- Data records:
┌──
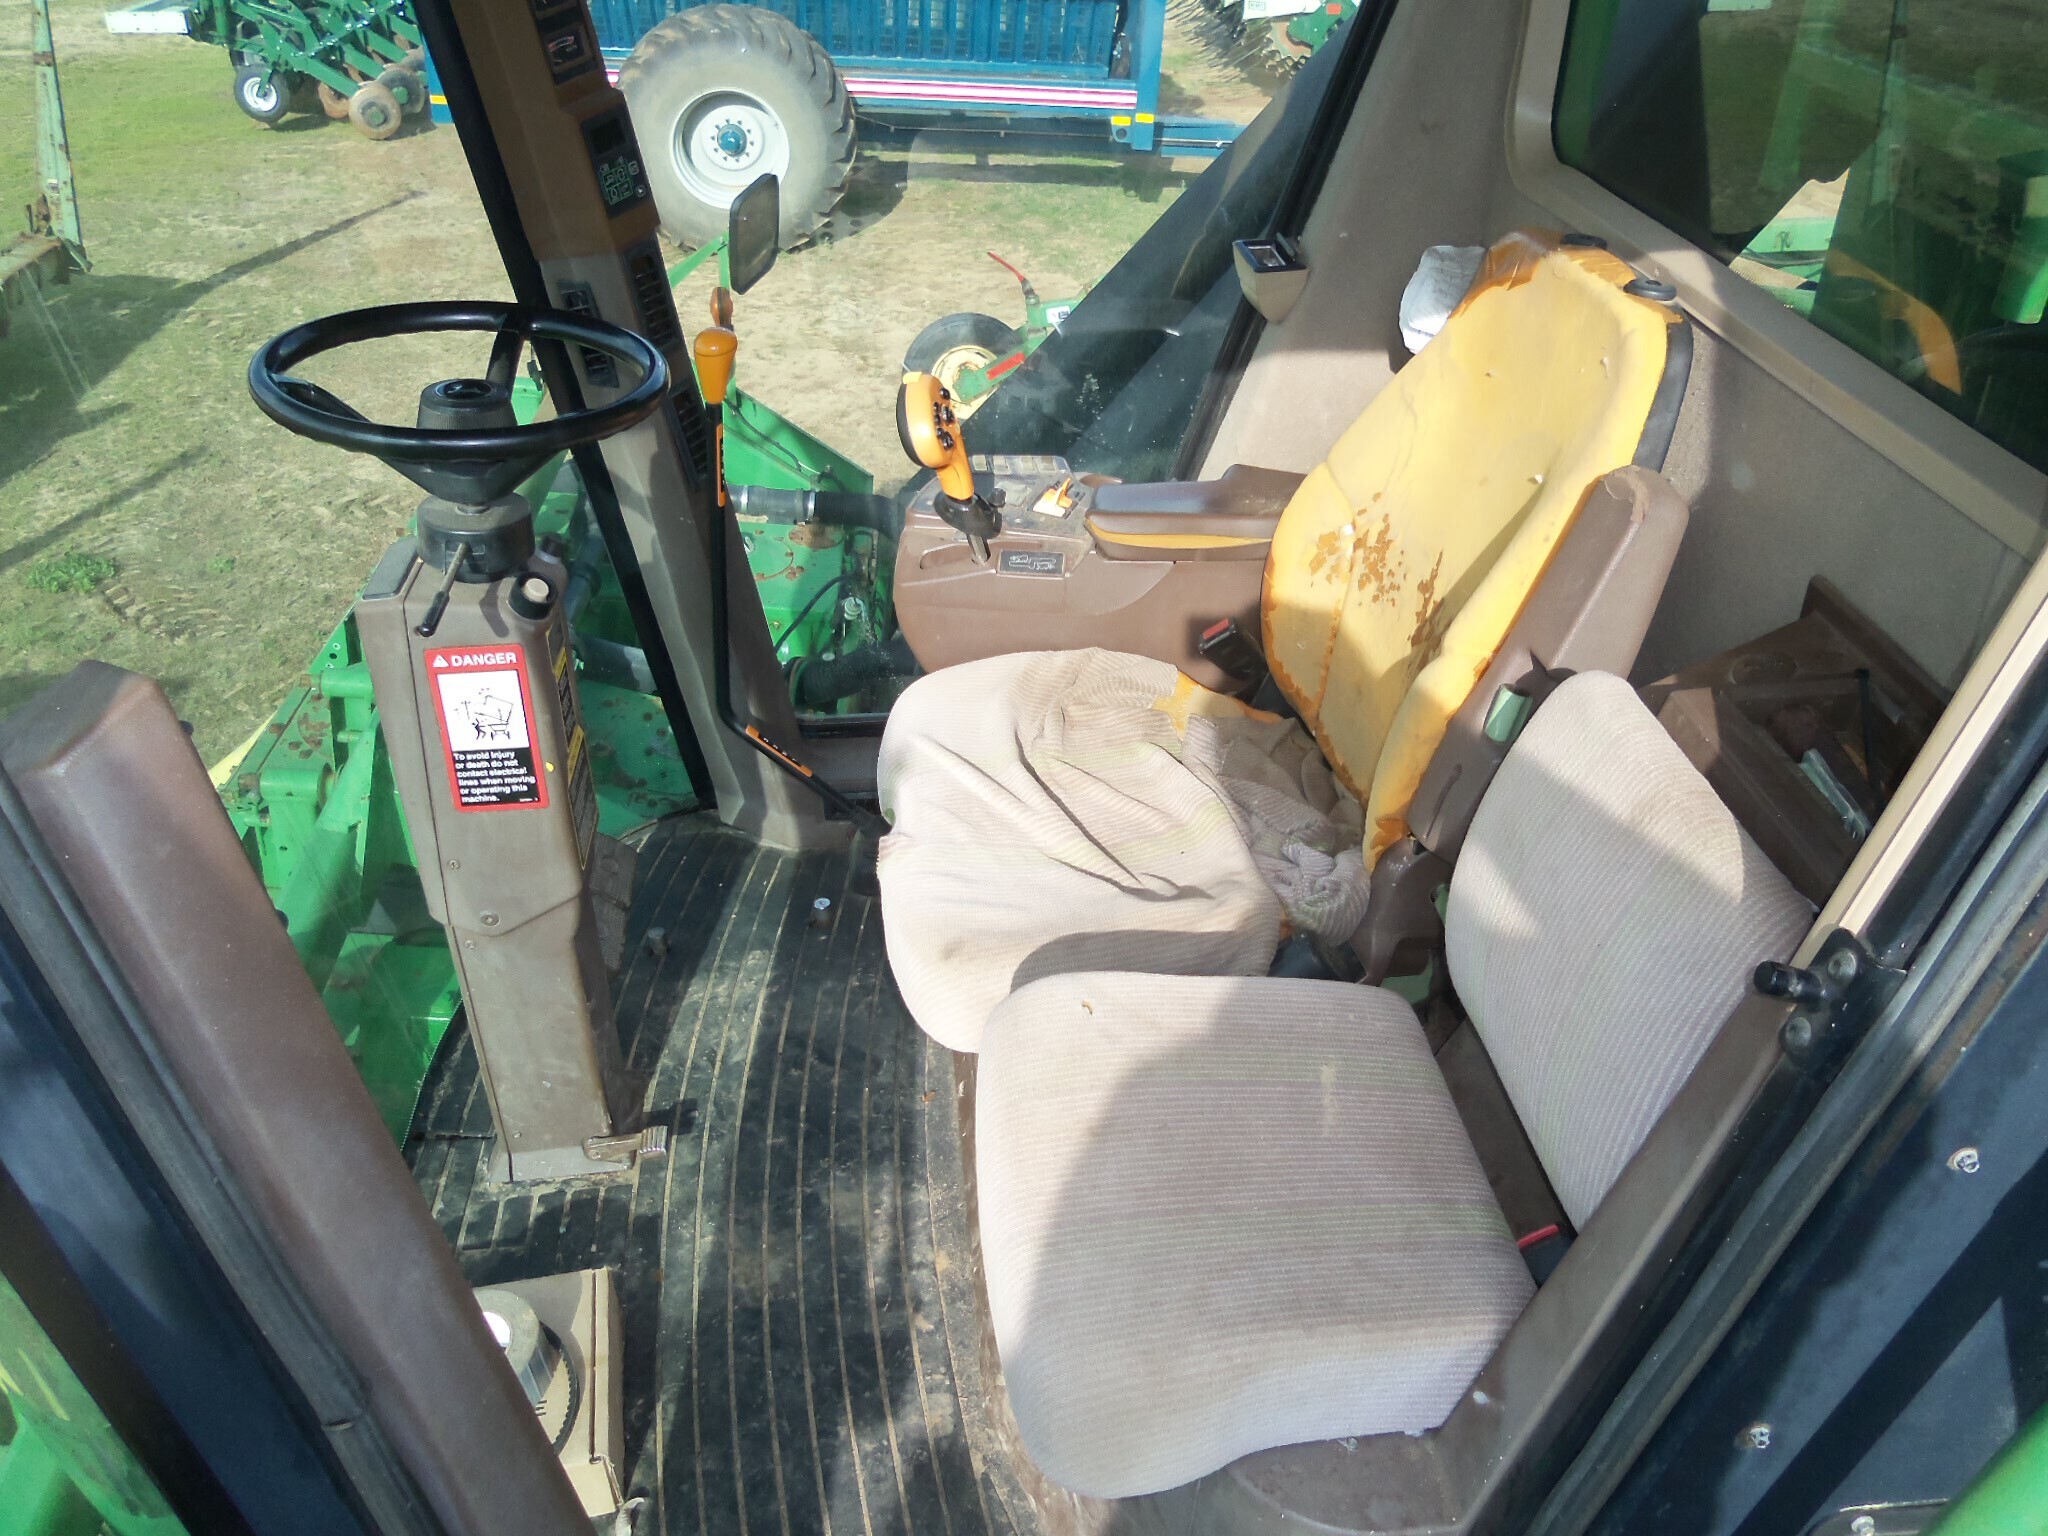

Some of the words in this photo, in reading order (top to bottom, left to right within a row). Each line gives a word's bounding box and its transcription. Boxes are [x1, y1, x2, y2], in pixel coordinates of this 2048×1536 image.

[451, 652, 517, 667] DANGER
[466, 752, 490, 760] avoid
[490, 751, 515, 760] injury
[466, 761, 490, 769] death
[503, 759, 519, 767] not
[489, 767, 527, 776] electrical
[480, 777, 503, 785] when
[504, 776, 536, 784] moving
[470, 786, 511, 795] operating
[511, 784, 528, 792] this
└──
- What needs to be done: Reproduce every record exactly; images stay out.

- Exercise result:
Some of the words in this photo, in reading order (top to bottom, left to right within a row). Each line gives a word's bounding box and its transcription. Boxes are [x1, y1, x2, y2], in pixel coordinates of this 2048×1536 image.

[451, 652, 517, 667] DANGER
[466, 752, 490, 760] avoid
[490, 751, 515, 760] injury
[466, 761, 490, 769] death
[503, 759, 519, 767] not
[489, 767, 527, 776] electrical
[480, 777, 503, 785] when
[504, 776, 536, 784] moving
[470, 786, 511, 795] operating
[511, 784, 528, 792] this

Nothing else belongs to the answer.